Correlation Between Simple Mart and International CSRC
Can any of the company-specific risk be diversified away by investing in both Simple Mart and International CSRC at the same time? Although using a correlation coefficient on its own may not help to predict future stock returns, this module helps to understand the diversifiable risk of combining Simple Mart and International CSRC into the same portfolio, which is an essential part of the fundamental portfolio management process.
By analyzing existing cross correlation between Simple Mart Retail and International CSRC Investment, you can compare the effects of market volatilities on Simple Mart and International CSRC and check how they will diversify away market risk if combined in the same portfolio for a given time horizon. You can also utilize pair trading strategies of matching a long position in Simple Mart with a short position of International CSRC. Check out your portfolio center. Please also check ongoing floating volatility patterns of Simple Mart and International CSRC.
Diversification Opportunities for Simple Mart and International CSRC
0.21 | Correlation Coefficient |
Modest diversification
The 3 months correlation between Simple and International is 0.21. Overlapping area represents the amount of risk that can be diversified away by holding Simple Mart Retail and International CSRC Investment in the same portfolio, assuming nothing else is changed. The correlation between historical prices or returns on International CSRC and Simple Mart is a relative statistical measure of the degree to which these equity instruments tend to move together. The correlation coefficient measures the extent to which returns on Simple Mart Retail are associated (or correlated) with International CSRC. Values of the correlation coefficient range from -1 to +1, where. The correlation of zero (0) is possible when the price movement of International CSRC has no effect on the direction of Simple Mart i.e., Simple Mart and International CSRC go up and down completely randomly.

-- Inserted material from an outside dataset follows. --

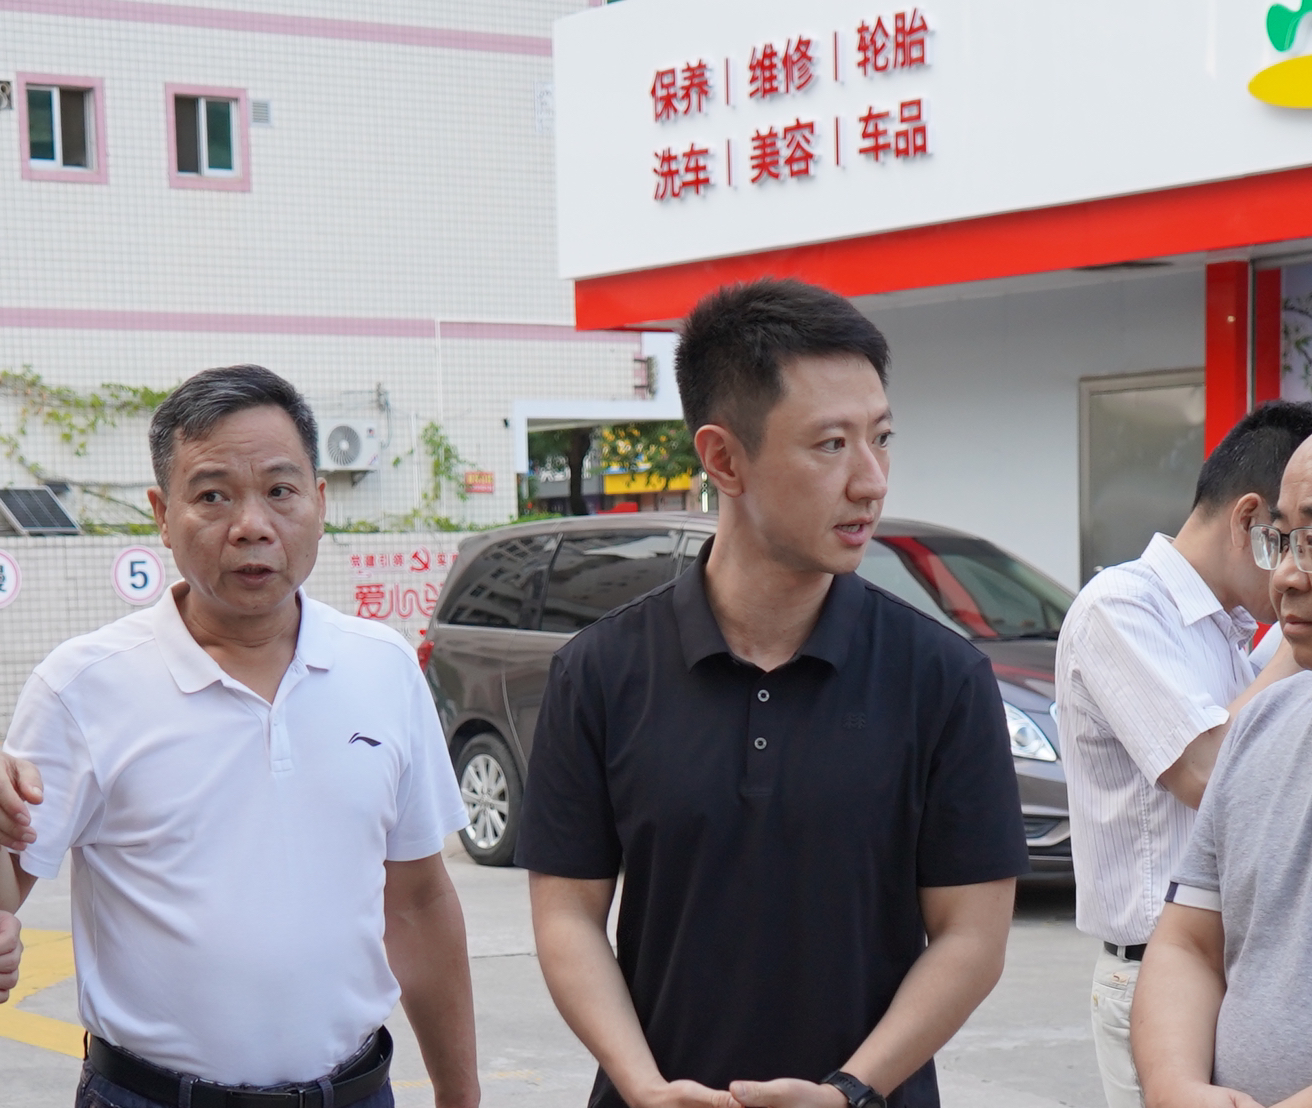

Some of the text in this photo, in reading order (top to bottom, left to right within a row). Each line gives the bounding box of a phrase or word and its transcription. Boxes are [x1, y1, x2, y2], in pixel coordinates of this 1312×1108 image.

[650, 8, 929, 122] 保养 维修 轮胎
[653, 98, 928, 201] 洗车 美容 车品
[129, 560, 149, 590] 5

Pair Corralation between Simple Mart and International CSRC
Assuming the 90 days trading horizon Simple Mart Retail is expected to generate 0.39 times more return on investment than International CSRC. However, Simple Mart Retail is 2.54 times less risky than International CSRC. It trades about -0.2 of its potential returns per unit of risk. International CSRC Investment is currently generating about -0.42 per unit of risk. If you would invest 4,200 in Simple Mart Retail on September 20, 2024 and sell it today you would lose (110.00) from holding Simple Mart Retail or give up 2.62% of portfolio value over 90 days.
Time Period | 3 Months [change] |
Direction | Moves Together |
Strength | Very Weak |
Accuracy | 100.0% |
Values | Daily Returns |
Simple Mart Retail vs. International CSRC Investment
Performance |
Timeline |
Simple Mart Retail |
International CSRC |
Simple Mart and International CSRC Volatility Contrast
Predicted Return Density |
Returns |
Pair Trading with Simple Mart and International CSRC
The main advantage of trading using opposite Simple Mart and International CSRC positions is that it hedges away some unsystematic risk. Because of two separate transactions, even if Simple Mart position performs unexpectedly, International CSRC can make up some of the losses. Pair trading also minimizes risk from directional movements in the market. For example, if an entire industry or sector drops because of unexpected headlines, the short position in International CSRC will offset losses from the drop in International CSRC's long position.Simple Mart vs. Taiwan Semiconductor Manufacturing | Simple Mart vs. Hon Hai Precision | Simple Mart vs. MediaTek | Simple Mart vs. Chunghwa Telecom Co |
International CSRC vs. Tainan Spinning Co | International CSRC vs. Lealea Enterprise Co | International CSRC vs. China Petrochemical Development | International CSRC vs. Ruentex Development Co |
Check out your portfolio center.Note that this page's information should be used as a complementary analysis to find the right mix of equity instruments to add to your existing portfolios or create a brand new portfolio. You can also try the Watchlist Optimization module to optimize watchlists to build efficient portfolios or rebalance existing positions based on the mean-variance optimization algorithm.